PROBLEM TO WORK ON >> A word-for-word repeat of the records below is what this calls for.

MATERIAL FOR THIS TASK >>
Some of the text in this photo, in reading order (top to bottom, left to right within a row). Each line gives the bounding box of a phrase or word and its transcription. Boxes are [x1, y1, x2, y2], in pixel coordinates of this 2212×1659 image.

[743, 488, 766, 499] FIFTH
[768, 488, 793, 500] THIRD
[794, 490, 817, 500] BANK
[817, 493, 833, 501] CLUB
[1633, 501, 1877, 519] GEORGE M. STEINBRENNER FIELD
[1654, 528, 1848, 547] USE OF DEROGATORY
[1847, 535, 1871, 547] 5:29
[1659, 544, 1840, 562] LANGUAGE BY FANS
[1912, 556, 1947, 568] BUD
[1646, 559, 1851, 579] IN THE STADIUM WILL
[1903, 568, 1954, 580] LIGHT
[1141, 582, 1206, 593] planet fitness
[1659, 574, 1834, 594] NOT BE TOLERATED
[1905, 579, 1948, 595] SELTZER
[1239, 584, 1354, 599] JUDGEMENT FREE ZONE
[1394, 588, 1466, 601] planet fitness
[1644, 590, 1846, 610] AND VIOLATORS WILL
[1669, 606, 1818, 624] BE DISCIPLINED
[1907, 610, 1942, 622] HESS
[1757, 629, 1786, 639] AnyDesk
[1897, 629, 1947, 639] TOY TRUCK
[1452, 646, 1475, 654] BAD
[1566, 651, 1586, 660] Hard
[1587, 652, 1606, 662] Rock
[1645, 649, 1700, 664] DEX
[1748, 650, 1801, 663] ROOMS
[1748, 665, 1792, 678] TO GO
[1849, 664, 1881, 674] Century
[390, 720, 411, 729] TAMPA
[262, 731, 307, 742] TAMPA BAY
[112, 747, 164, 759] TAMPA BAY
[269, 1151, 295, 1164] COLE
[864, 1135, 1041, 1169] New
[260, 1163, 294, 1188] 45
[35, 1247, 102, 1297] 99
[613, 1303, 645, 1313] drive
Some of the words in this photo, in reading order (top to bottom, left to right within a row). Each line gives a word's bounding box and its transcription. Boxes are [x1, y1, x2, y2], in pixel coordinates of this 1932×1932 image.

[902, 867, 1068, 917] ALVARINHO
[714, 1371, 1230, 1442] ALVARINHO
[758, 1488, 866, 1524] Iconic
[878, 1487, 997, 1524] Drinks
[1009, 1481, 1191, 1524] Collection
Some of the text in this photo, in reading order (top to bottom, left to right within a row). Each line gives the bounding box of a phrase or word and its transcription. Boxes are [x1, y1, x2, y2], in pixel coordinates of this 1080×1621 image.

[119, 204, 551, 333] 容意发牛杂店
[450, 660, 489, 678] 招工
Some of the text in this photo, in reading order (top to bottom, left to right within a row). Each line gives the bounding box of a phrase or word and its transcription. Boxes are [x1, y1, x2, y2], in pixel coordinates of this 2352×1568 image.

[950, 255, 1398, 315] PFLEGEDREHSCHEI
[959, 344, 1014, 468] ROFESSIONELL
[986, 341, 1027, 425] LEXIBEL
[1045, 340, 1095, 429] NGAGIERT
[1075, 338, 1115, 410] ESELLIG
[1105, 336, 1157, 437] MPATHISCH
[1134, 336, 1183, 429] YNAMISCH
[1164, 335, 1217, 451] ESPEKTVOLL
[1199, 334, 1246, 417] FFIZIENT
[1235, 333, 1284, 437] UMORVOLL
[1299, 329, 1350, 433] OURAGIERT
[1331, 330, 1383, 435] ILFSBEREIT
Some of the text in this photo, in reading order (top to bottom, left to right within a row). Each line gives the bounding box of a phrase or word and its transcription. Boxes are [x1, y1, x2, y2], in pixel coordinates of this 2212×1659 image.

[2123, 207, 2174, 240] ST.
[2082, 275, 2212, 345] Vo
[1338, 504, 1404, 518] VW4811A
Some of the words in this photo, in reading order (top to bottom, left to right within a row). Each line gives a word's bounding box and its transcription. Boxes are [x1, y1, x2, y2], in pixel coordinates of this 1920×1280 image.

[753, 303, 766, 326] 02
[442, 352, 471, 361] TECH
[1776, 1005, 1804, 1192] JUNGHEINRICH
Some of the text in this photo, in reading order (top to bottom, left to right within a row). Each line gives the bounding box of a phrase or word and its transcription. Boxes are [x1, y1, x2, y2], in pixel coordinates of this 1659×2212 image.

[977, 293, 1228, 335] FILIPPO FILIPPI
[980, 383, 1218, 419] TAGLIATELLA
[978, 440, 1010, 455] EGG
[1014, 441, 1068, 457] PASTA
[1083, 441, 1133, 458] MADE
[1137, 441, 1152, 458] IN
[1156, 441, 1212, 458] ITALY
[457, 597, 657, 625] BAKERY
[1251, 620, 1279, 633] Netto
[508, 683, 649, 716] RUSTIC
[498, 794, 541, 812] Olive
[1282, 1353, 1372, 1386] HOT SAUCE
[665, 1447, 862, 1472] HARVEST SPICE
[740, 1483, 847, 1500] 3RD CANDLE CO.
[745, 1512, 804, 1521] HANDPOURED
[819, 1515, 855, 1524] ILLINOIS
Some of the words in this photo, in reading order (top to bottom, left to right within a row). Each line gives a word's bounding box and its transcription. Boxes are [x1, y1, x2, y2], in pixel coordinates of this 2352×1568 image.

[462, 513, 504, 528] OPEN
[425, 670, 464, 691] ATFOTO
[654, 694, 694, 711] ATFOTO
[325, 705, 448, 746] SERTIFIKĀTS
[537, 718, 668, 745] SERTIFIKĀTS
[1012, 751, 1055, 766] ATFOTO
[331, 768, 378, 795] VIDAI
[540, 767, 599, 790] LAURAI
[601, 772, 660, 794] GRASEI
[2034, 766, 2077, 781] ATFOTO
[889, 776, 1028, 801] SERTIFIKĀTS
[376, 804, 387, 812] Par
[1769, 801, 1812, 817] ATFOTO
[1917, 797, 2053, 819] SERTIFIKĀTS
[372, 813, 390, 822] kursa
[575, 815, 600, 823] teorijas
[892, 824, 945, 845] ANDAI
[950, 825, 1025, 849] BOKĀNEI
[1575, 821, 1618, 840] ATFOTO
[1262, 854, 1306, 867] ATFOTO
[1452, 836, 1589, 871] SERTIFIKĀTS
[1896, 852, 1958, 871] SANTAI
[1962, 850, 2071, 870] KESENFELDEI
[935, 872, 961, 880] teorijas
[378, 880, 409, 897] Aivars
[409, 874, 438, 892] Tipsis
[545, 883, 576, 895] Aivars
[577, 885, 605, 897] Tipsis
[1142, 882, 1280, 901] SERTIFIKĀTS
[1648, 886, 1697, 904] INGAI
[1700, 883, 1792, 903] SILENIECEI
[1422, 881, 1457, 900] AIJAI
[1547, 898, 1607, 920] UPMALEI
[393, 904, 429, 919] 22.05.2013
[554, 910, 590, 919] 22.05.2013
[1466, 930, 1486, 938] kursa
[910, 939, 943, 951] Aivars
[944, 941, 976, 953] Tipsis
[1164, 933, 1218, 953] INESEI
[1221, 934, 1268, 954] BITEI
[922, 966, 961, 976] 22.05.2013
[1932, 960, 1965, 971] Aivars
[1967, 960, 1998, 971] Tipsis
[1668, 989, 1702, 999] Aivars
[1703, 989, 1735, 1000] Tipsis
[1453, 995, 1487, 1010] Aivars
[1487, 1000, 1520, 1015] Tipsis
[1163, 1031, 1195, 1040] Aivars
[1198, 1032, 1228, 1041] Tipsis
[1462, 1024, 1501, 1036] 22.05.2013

COMPLETED TASK >>
Some of the text in this photo, in reading order (top to bottom, left to right within a row). Each line gives the bounding box of a phrase or word and its transcription. Boxes are [x1, y1, x2, y2], in pixel coordinates of this 2212×1659 image.

[743, 488, 766, 499] FIFTH
[768, 488, 793, 500] THIRD
[794, 490, 817, 500] BANK
[817, 493, 833, 501] CLUB
[1633, 501, 1877, 519] GEORGE M. STEINBRENNER FIELD
[1654, 528, 1848, 547] USE OF DEROGATORY
[1847, 535, 1871, 547] 5:29
[1659, 544, 1840, 562] LANGUAGE BY FANS
[1912, 556, 1947, 568] BUD
[1646, 559, 1851, 579] IN THE STADIUM WILL
[1903, 568, 1954, 580] LIGHT
[1141, 582, 1206, 593] planet fitness
[1659, 574, 1834, 594] NOT BE TOLERATED
[1905, 579, 1948, 595] SELTZER
[1239, 584, 1354, 599] JUDGEMENT FREE ZONE
[1394, 588, 1466, 601] planet fitness
[1644, 590, 1846, 610] AND VIOLATORS WILL
[1669, 606, 1818, 624] BE DISCIPLINED
[1907, 610, 1942, 622] HESS
[1757, 629, 1786, 639] AnyDesk
[1897, 629, 1947, 639] TOY TRUCK
[1452, 646, 1475, 654] BAD
[1566, 651, 1586, 660] Hard
[1587, 652, 1606, 662] Rock
[1645, 649, 1700, 664] DEX
[1748, 650, 1801, 663] ROOMS
[1748, 665, 1792, 678] TO GO
[1849, 664, 1881, 674] Century
[390, 720, 411, 729] TAMPA
[262, 731, 307, 742] TAMPA BAY
[112, 747, 164, 759] TAMPA BAY
[269, 1151, 295, 1164] COLE
[864, 1135, 1041, 1169] New
[260, 1163, 294, 1188] 45
[35, 1247, 102, 1297] 99
[613, 1303, 645, 1313] drive
Some of the words in this photo, in reading order (top to bottom, left to right within a row). Each line gives a word's bounding box and its transcription. Boxes are [x1, y1, x2, y2], in pixel coordinates of this 1932×1932 image.

[902, 867, 1068, 917] ALVARINHO
[714, 1371, 1230, 1442] ALVARINHO
[758, 1488, 866, 1524] Iconic
[878, 1487, 997, 1524] Drinks
[1009, 1481, 1191, 1524] Collection
Some of the text in this photo, in reading order (top to bottom, left to right within a row). Each line gives the bounding box of a phrase or word and its transcription. Boxes are [x1, y1, x2, y2], in pixel coordinates of this 1080×1621 image.

[119, 204, 551, 333] 容意发牛杂店
[450, 660, 489, 678] 招工
Some of the text in this photo, in reading order (top to bottom, left to right within a row). Each line gives the bounding box of a phrase or word and its transcription. Boxes are [x1, y1, x2, y2], in pixel coordinates of this 2352×1568 image.

[950, 255, 1398, 315] PFLEGEDREHSCHEI
[959, 344, 1014, 468] ROFESSIONELL
[986, 341, 1027, 425] LEXIBEL
[1045, 340, 1095, 429] NGAGIERT
[1075, 338, 1115, 410] ESELLIG
[1105, 336, 1157, 437] MPATHISCH
[1134, 336, 1183, 429] YNAMISCH
[1164, 335, 1217, 451] ESPEKTVOLL
[1199, 334, 1246, 417] FFIZIENT
[1235, 333, 1284, 437] UMORVOLL
[1299, 329, 1350, 433] OURAGIERT
[1331, 330, 1383, 435] ILFSBEREIT
Some of the text in this photo, in reading order (top to bottom, left to right within a row). Each line gives the bounding box of a phrase or word and its transcription. Boxes are [x1, y1, x2, y2], in pixel coordinates of this 2212×1659 image.

[2123, 207, 2174, 240] ST.
[2082, 275, 2212, 345] Vo
[1338, 504, 1404, 518] VW4811A
Some of the words in this photo, in reading order (top to bottom, left to right within a row). Each line gives a word's bounding box and its transcription. Boxes are [x1, y1, x2, y2], in pixel coordinates of this 1920×1280 image.

[753, 303, 766, 326] 02
[442, 352, 471, 361] TECH
[1776, 1005, 1804, 1192] JUNGHEINRICH
Some of the text in this photo, in reading order (top to bottom, left to right within a row). Each line gives the bounding box of a phrase or word and its transcription. Boxes are [x1, y1, x2, y2], in pixel coordinates of this 1659×2212 image.

[977, 293, 1228, 335] FILIPPO FILIPPI
[980, 383, 1218, 419] TAGLIATELLA
[978, 440, 1010, 455] EGG
[1014, 441, 1068, 457] PASTA
[1083, 441, 1133, 458] MADE
[1137, 441, 1152, 458] IN
[1156, 441, 1212, 458] ITALY
[457, 597, 657, 625] BAKERY
[1251, 620, 1279, 633] Netto
[508, 683, 649, 716] RUSTIC
[498, 794, 541, 812] Olive
[1282, 1353, 1372, 1386] HOT SAUCE
[665, 1447, 862, 1472] HARVEST SPICE
[740, 1483, 847, 1500] 3RD CANDLE CO.
[745, 1512, 804, 1521] HANDPOURED
[819, 1515, 855, 1524] ILLINOIS
Some of the words in this photo, in reading order (top to bottom, left to right within a row). Each line gives a word's bounding box and its transcription. Boxes are [x1, y1, x2, y2], in pixel coordinates of this 2352×1568 image.

[462, 513, 504, 528] OPEN
[425, 670, 464, 691] ATFOTO
[654, 694, 694, 711] ATFOTO
[325, 705, 448, 746] SERTIFIKĀTS
[537, 718, 668, 745] SERTIFIKĀTS
[1012, 751, 1055, 766] ATFOTO
[331, 768, 378, 795] VIDAI
[540, 767, 599, 790] LAURAI
[601, 772, 660, 794] GRASEI
[2034, 766, 2077, 781] ATFOTO
[889, 776, 1028, 801] SERTIFIKĀTS
[376, 804, 387, 812] Par
[1769, 801, 1812, 817] ATFOTO
[1917, 797, 2053, 819] SERTIFIKĀTS
[372, 813, 390, 822] kursa
[575, 815, 600, 823] teorijas
[892, 824, 945, 845] ANDAI
[950, 825, 1025, 849] BOKĀNEI
[1575, 821, 1618, 840] ATFOTO
[1262, 854, 1306, 867] ATFOTO
[1452, 836, 1589, 871] SERTIFIKĀTS
[1896, 852, 1958, 871] SANTAI
[1962, 850, 2071, 870] KESENFELDEI
[935, 872, 961, 880] teorijas
[378, 880, 409, 897] Aivars
[409, 874, 438, 892] Tipsis
[545, 883, 576, 895] Aivars
[577, 885, 605, 897] Tipsis
[1142, 882, 1280, 901] SERTIFIKĀTS
[1648, 886, 1697, 904] INGAI
[1700, 883, 1792, 903] SILENIECEI
[1422, 881, 1457, 900] AIJAI
[1547, 898, 1607, 920] UPMALEI
[393, 904, 429, 919] 22.05.2013
[554, 910, 590, 919] 22.05.2013
[1466, 930, 1486, 938] kursa
[910, 939, 943, 951] Aivars
[944, 941, 976, 953] Tipsis
[1164, 933, 1218, 953] INESEI
[1221, 934, 1268, 954] BITEI
[922, 966, 961, 976] 22.05.2013
[1932, 960, 1965, 971] Aivars
[1967, 960, 1998, 971] Tipsis
[1668, 989, 1702, 999] Aivars
[1703, 989, 1735, 1000] Tipsis
[1453, 995, 1487, 1010] Aivars
[1487, 1000, 1520, 1015] Tipsis
[1163, 1031, 1195, 1040] Aivars
[1198, 1032, 1228, 1041] Tipsis
[1462, 1024, 1501, 1036] 22.05.2013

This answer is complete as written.